SUPPLIED MATERIAL
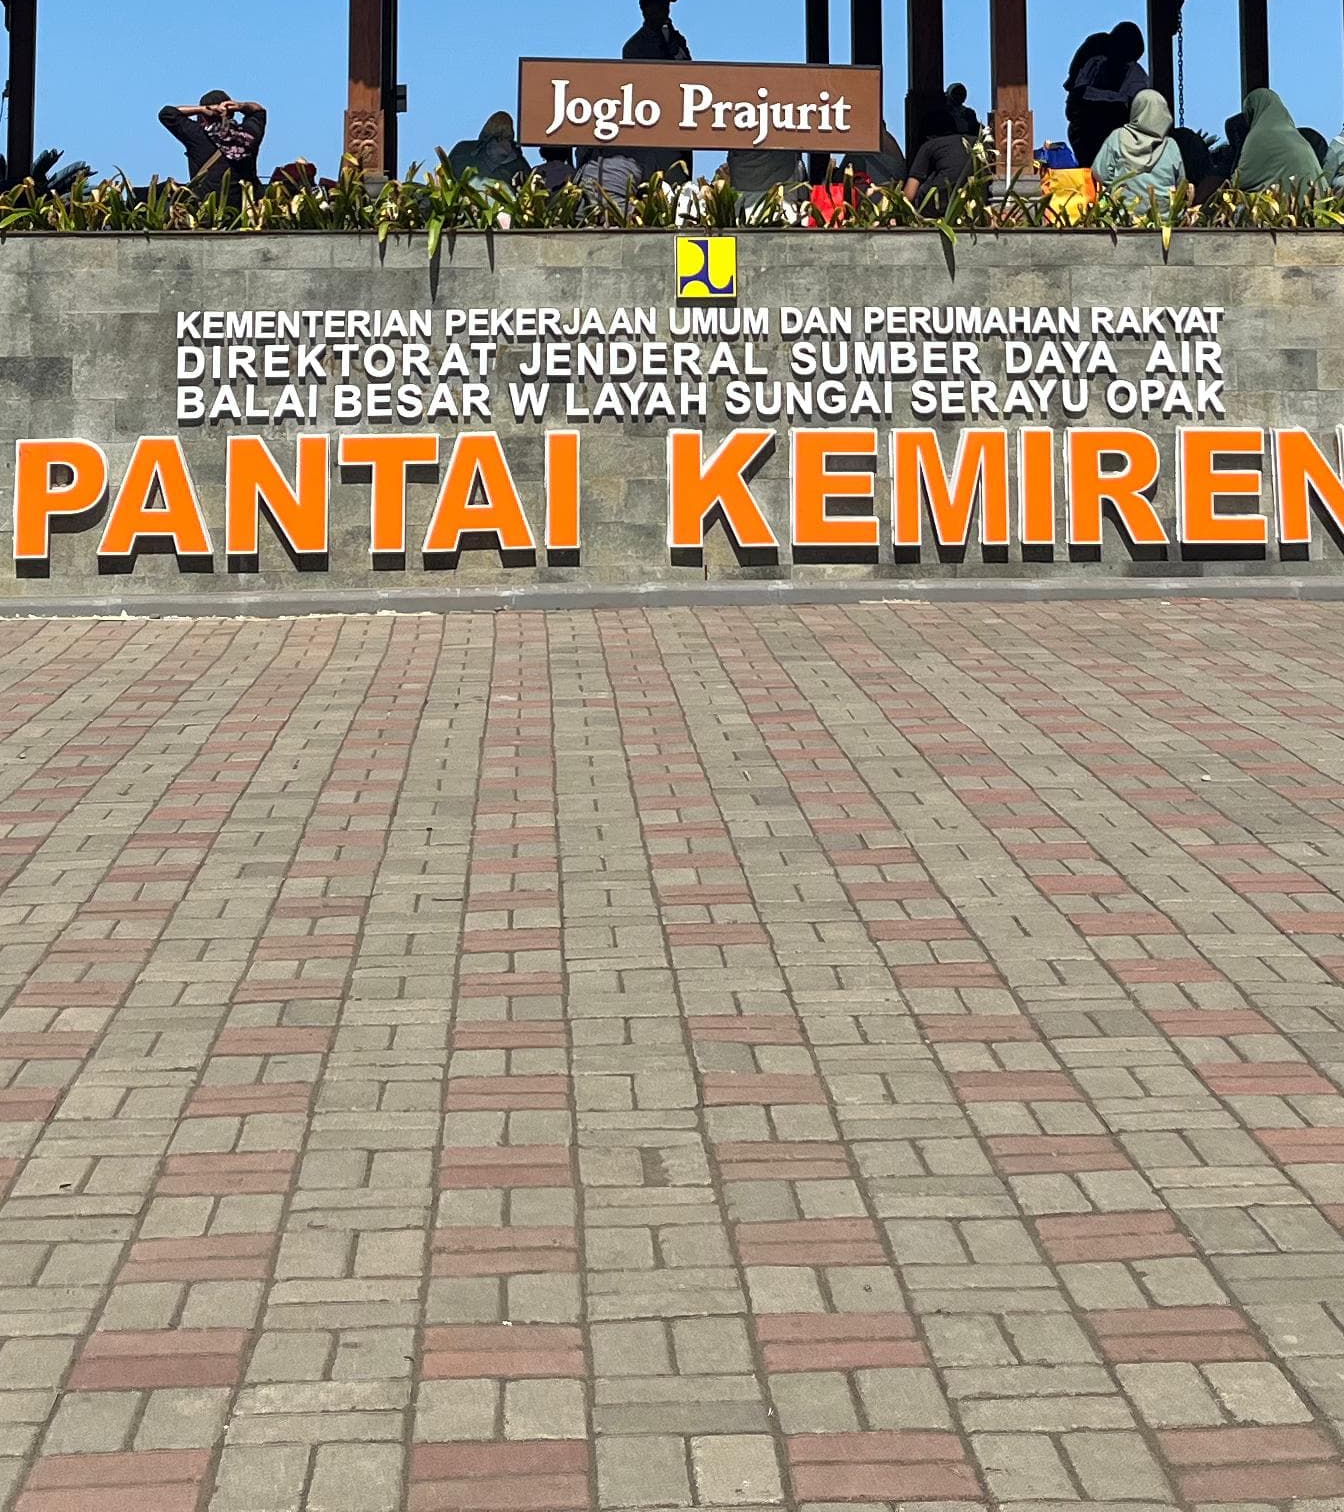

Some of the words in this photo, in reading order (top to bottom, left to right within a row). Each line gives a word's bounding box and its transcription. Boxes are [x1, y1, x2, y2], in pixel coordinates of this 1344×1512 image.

[546, 79, 661, 140] Joglo
[678, 83, 852, 145] Prajurit
[176, 309, 432, 339] KEMENTERIAN
[445, 306, 656, 337] PEKERJAAN
[669, 306, 769, 336] UMUM
[780, 307, 852, 335] DAN
[864, 306, 1080, 335] PERUMAHAN
[1091, 306, 1225, 334] RAKYAT
[176, 342, 497, 379] DIREKTORAT
[519, 341, 768, 377] JENDERAL
[790, 340, 981, 375] SUMBER
[1004, 340, 1118, 375] DAYA
[1145, 340, 1224, 375] AIR
[176, 383, 318, 419] BALAI
[334, 382, 491, 418] BESAR
[724, 380, 893, 416] SUNGAI
[910, 379, 1089, 415] SERAYU
[1105, 379, 1226, 414] OPAK
[14, 430, 581, 559] PANTAI
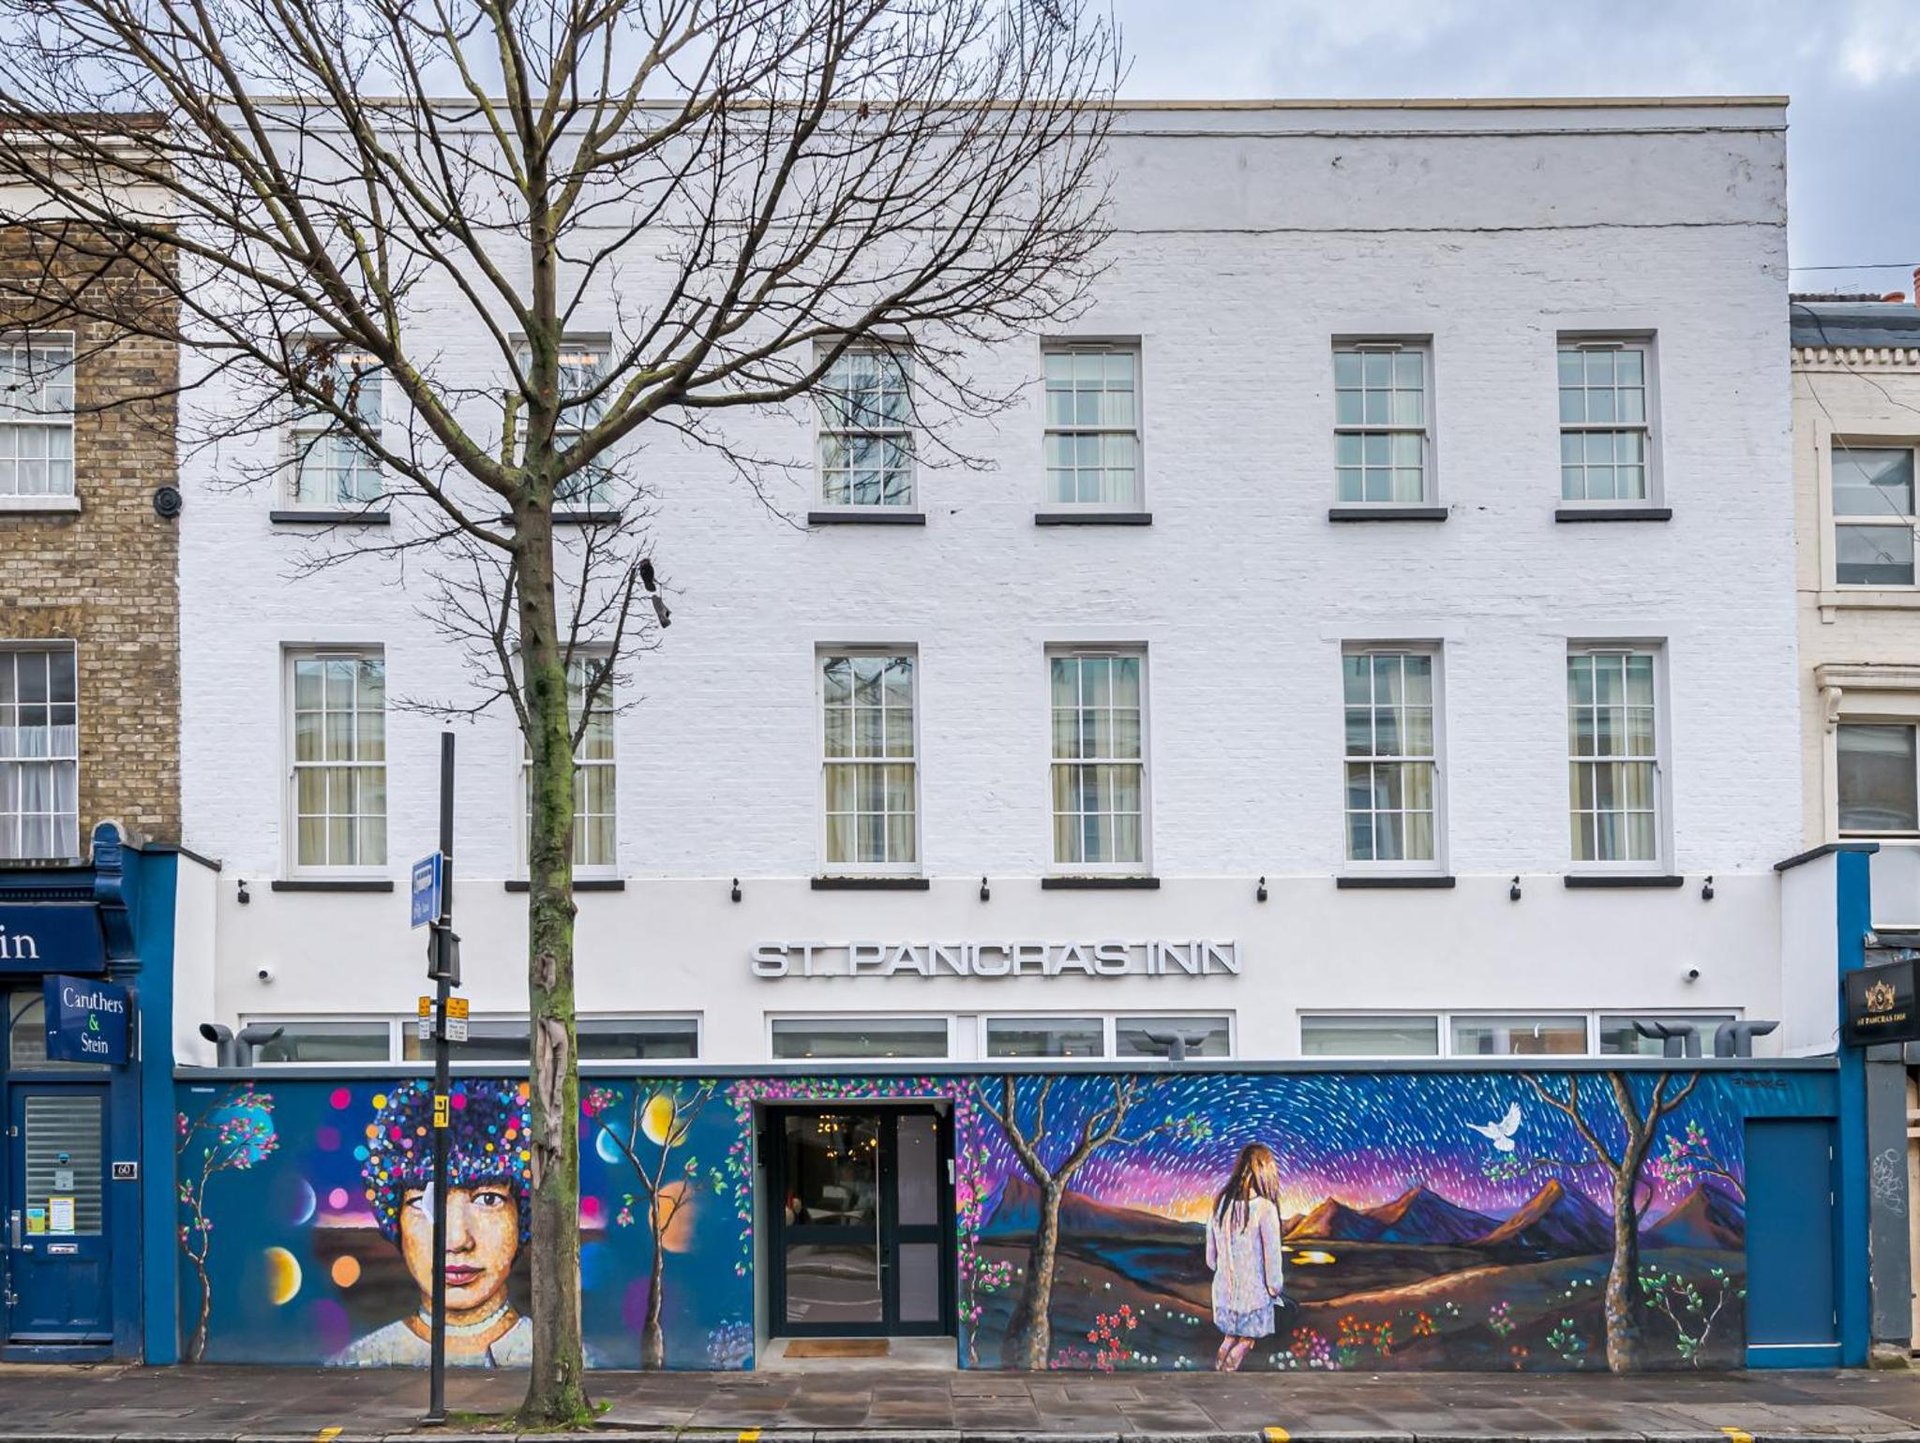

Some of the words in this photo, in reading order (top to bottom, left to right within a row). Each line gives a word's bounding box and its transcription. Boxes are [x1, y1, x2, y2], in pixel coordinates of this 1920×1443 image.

[849, 939, 1130, 977] PANCRAS
[1146, 939, 1240, 976] INN
[63, 987, 124, 1014] Caruthers
[89, 1013, 99, 1031] &
[81, 1032, 109, 1053] Stein
[118, 1164, 131, 1175] 60

PROBLEM TO WORK ON
Please print the lines from the one containing "this 1920×1443 image." through the last line of the material, exactly, and leave out all other lines.

FINISHED EXERCISE
Some of the words in this photo, in reading order (top to bottom, left to right within a row). Each line gives a word's bounding box and its transcription. Boxes are [x1, y1, x2, y2], in pixel coordinates of this 1920×1443 image.

[849, 939, 1130, 977] PANCRAS
[1146, 939, 1240, 976] INN
[63, 987, 124, 1014] Caruthers
[89, 1013, 99, 1031] &
[81, 1032, 109, 1053] Stein
[118, 1164, 131, 1175] 60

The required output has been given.